BEGIN RECORDED DATA

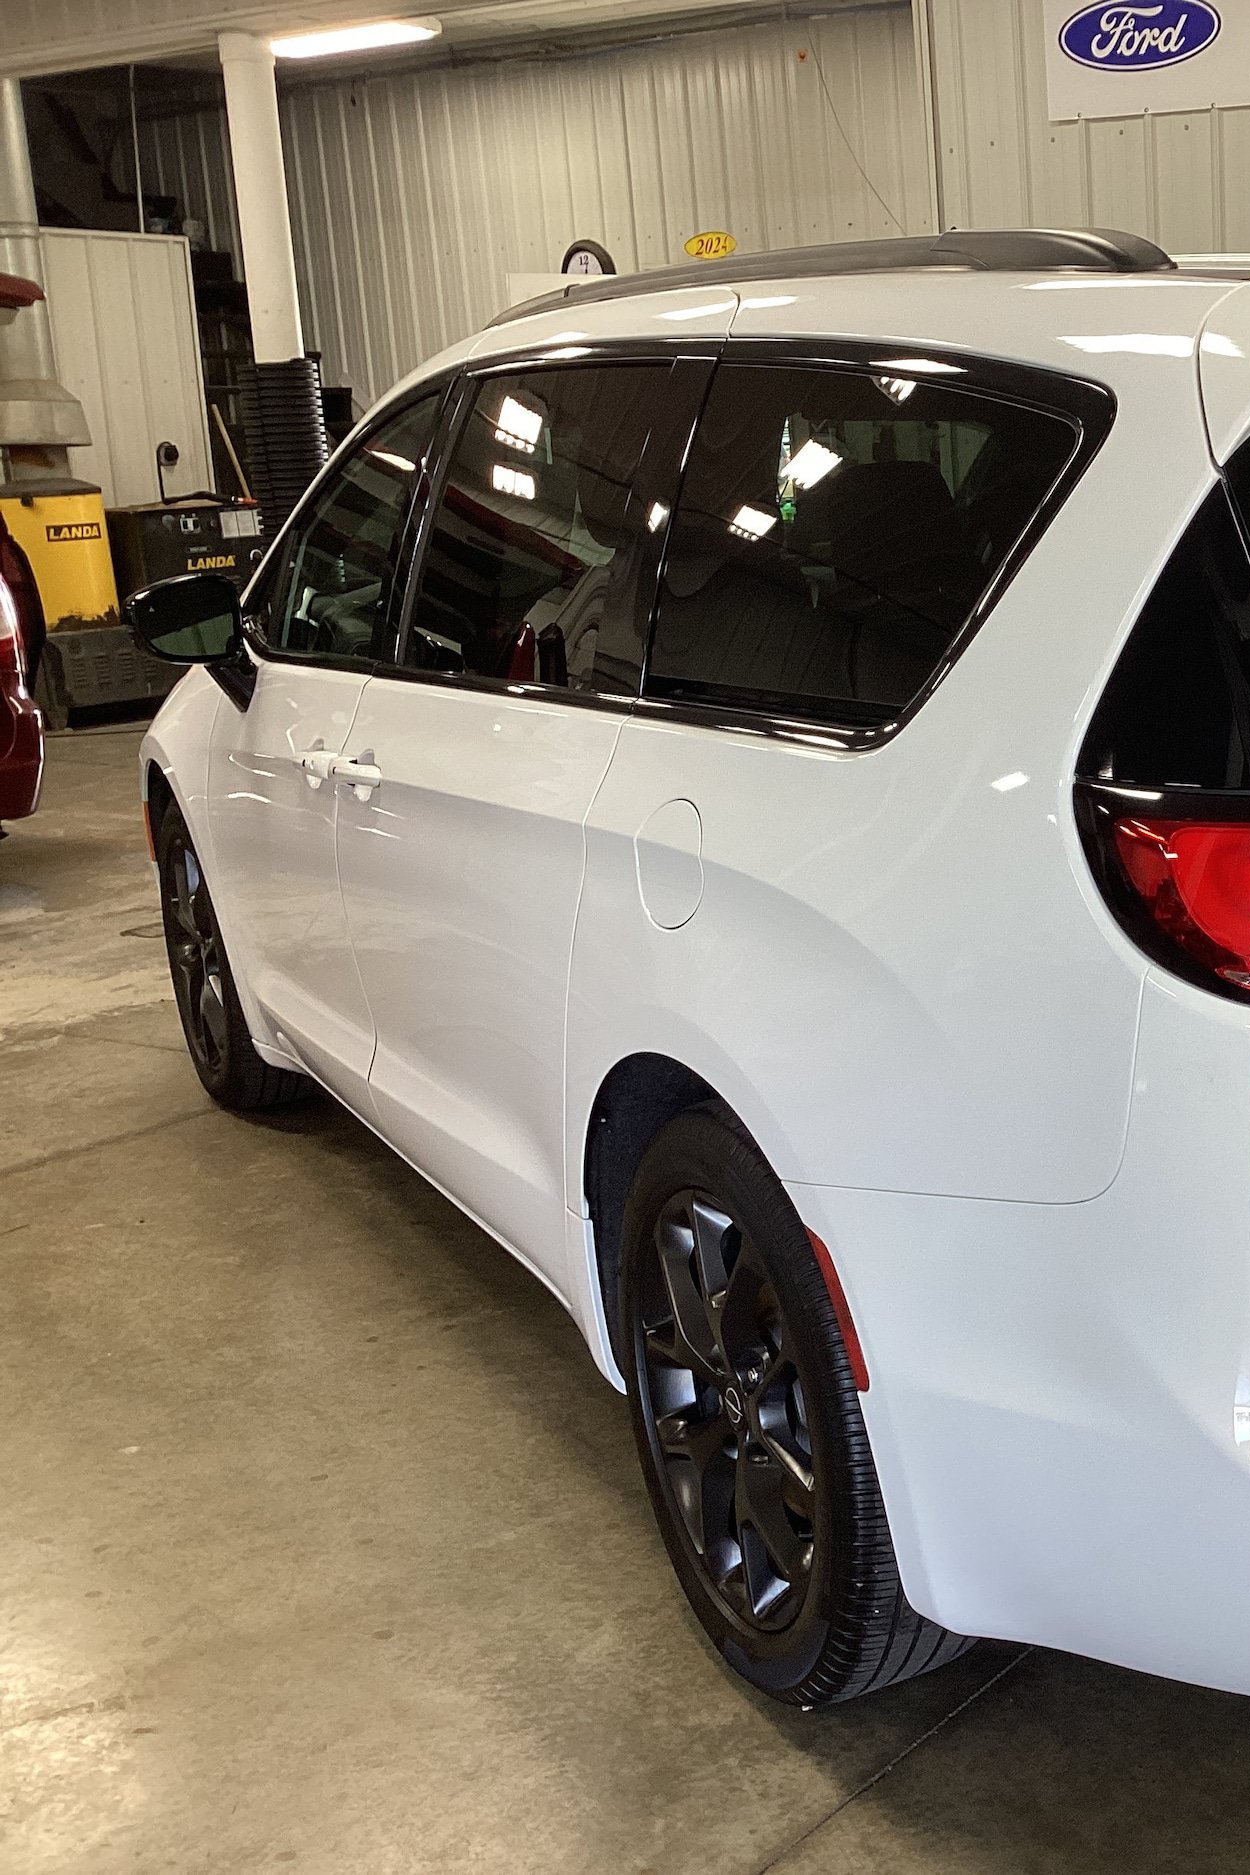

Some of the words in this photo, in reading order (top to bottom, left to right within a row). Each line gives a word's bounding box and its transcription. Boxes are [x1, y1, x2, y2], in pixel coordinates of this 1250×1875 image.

[1091, 4, 1187, 57] Ford
[579, 255, 589, 266] 12
[49, 524, 99, 540] LANDA
[187, 555, 235, 571] LANDA

END RECORDED DATA

» TASK BRIEF: Only the text of the records belongs in the answer; reproduce it verbatim, with no pictures.

» ANSWER SPACE:
Some of the words in this photo, in reading order (top to bottom, left to right within a row). Each line gives a word's bounding box and its transcription. Boxes are [x1, y1, x2, y2], in pixel coordinates of this 1250×1875 image.

[1091, 4, 1187, 57] Ford
[579, 255, 589, 266] 12
[49, 524, 99, 540] LANDA
[187, 555, 235, 571] LANDA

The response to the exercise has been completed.